Swimming unfathomable lengths in open water
Mary Gorski has skied the American Birkebeiner, finished the Ironman Hawaii and run the 135-mile Badwater Ultra through Death Valley, in temperatures topping 120 degrees.
She's able to push herself step after step for well beyond 24 hours; yet it's the athletic feats of her friend, Melodee Nugent, she finds "unfathomable."
Nugent swims, and not in the short bursts of Michael Phelps or Missy Franklin. She swims miles, more than two-dozen of them in her latest race, the inaugural Extreme North Dakota Watersports Endurance Test.
The 45-year-old mother of three from Mukwonago was one of a dozen competitors who ignored the adage "people don't swim in the Red River" and completed the 27-mile course from Grand Forks, N.D., to Oslo, Minn.
For nine hours and 23 minutes, Nugent saw little but trees along the shore, murky water and her escorts in a canoe. Immersed with music from an MP3, in her own cocoon of effort, she extended herself to another realm of ultra athletics.
Humble, unassuming and focused, Nugent talks matter-of-factly about her achievements. Gorski lends the gushing perspective.
"Swimming is a wonderful sport, but endurance swimming of the magnitude that Melodee takes on is an incredible mental and physical effort," Gorski said. "It is a sport for someone who really has to be comfortable with herself because that is primarily who she is with during her competition.
"As someone who has prepared for running events like Badwater in Death Valley, I have an understanding of the physical and mental commitment needed for a 27-mile swim, but the idea of doing one is beyond me."
At one time, it would have seemed beyond Nugent, as well.
At Greendale High School, she swam the 100-meter butterfly and backstroke. After she married in 1993, she returned to the pool for exercise, and swam laps in the pool at the Southwest YMCA in Greenfield.
The masters swim group there introduced her to open water swimming and a one-mile race in Lake Amy Belle, near Hubertus.
Like a runner emboldened by their first 5k, Nugent stroked for more: a five-mile race in Lake Minnetonka led to the eight-mile Swim 4 Freedom in Lake Geneva, then the 15.5-mile US Masters National Championship in Morse Reservoir in Indiana, and last month, the END-WET in North Dakota.
Now, she views a three-mile race as "kind of short.'
"I'm not competitive," Nugent said, ignoring her victories and third-place finish in North Dakota. "It's more for myself. My first goal is to finish, then to place in the middle of the pack. I like the challenge."

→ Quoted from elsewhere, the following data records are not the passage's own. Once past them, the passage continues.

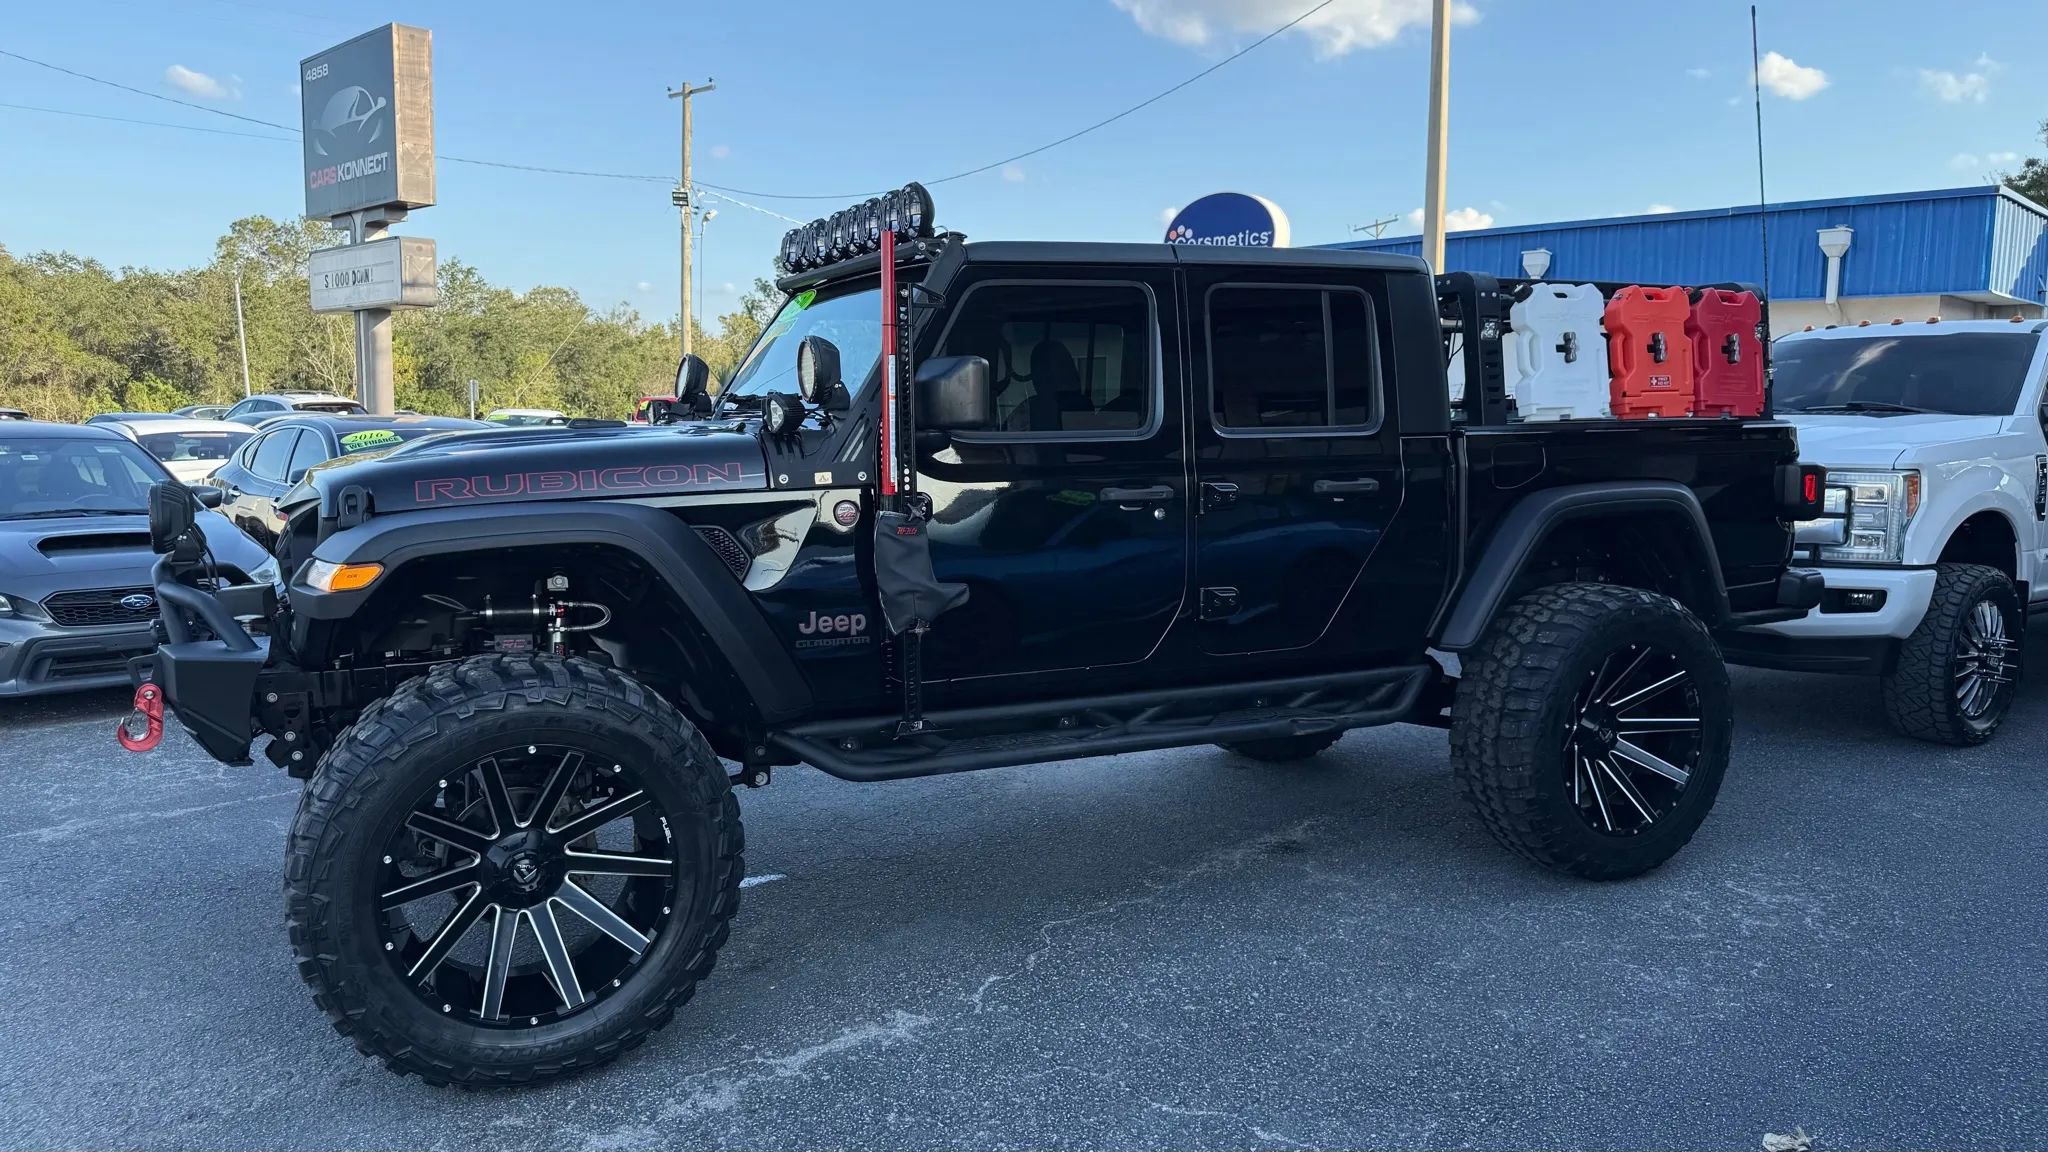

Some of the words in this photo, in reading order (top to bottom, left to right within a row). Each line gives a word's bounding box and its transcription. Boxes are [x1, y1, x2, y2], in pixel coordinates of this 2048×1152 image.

[305, 63, 328, 81] 4858
[351, 432, 383, 443] 2016
[349, 442, 363, 450] WE
[415, 462, 742, 502] RUBICON
[799, 611, 866, 636] Jeep
[795, 636, 871, 648] GLADIATOR

To prepare for the Red River race, Nugent swam nearly 170 miles in June. Every weekday, starting at 4 a.m., she turned laps for three hours in the pool at the Wisconsin Athletic Club, before going to work as a biostatistician in the Department of Pediatrics at the Medical College of Wisconsin. One Saturday morning, she looped around Little Muskego Lake for six hours, pulling an orange buoy and amusing anglers.

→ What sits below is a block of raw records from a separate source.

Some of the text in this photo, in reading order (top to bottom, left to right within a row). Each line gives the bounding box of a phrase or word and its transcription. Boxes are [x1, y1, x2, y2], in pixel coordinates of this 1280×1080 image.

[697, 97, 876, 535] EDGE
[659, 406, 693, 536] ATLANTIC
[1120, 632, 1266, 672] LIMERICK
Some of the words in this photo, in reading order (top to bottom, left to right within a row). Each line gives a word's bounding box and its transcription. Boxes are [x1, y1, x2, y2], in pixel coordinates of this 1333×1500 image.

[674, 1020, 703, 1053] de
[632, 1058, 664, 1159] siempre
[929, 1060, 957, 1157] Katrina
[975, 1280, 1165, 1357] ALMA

Swimming provides Nugent with her alone time, away from the activities of her children and the data of pediatric medicine. It's also the outlet for her need for routine, and a source of accomplishment.
"She's a very focused, motivated person," said her husband, Mike. "When she sets her mind to do something, she does it.
"She's not like blood-and-guts. She's very calm. It's like she's walking in the park. She doesn't go fast then slow. It's a constant speed."
Over the miles down the Red River, Nugent worked primarily with her arms, and her mind. As the finish neared but seemed far too distant, she began to count her strokes, then calculated miles based on the music: six songs equaled 30 minutes, which equaled a mile.
She rested every half-hour and refueled with gulps of Infinit sports drink, a customized mix of carbohydrates, electrolytes and caffeine.
Finally, the Oslo water tower broke the endless line of trees.
"I am absolutely proud of her," Mike Nugent said. "Less than 1% of the population on earth can do something like this. There are superstar athletes she could swim circles around.
"To her, it's matter-of-fact. This is what I do. She's really motivated.
"I thought the motivation was the 15-mile swim last year, but I was wrong, it was the 27-mile swim this year."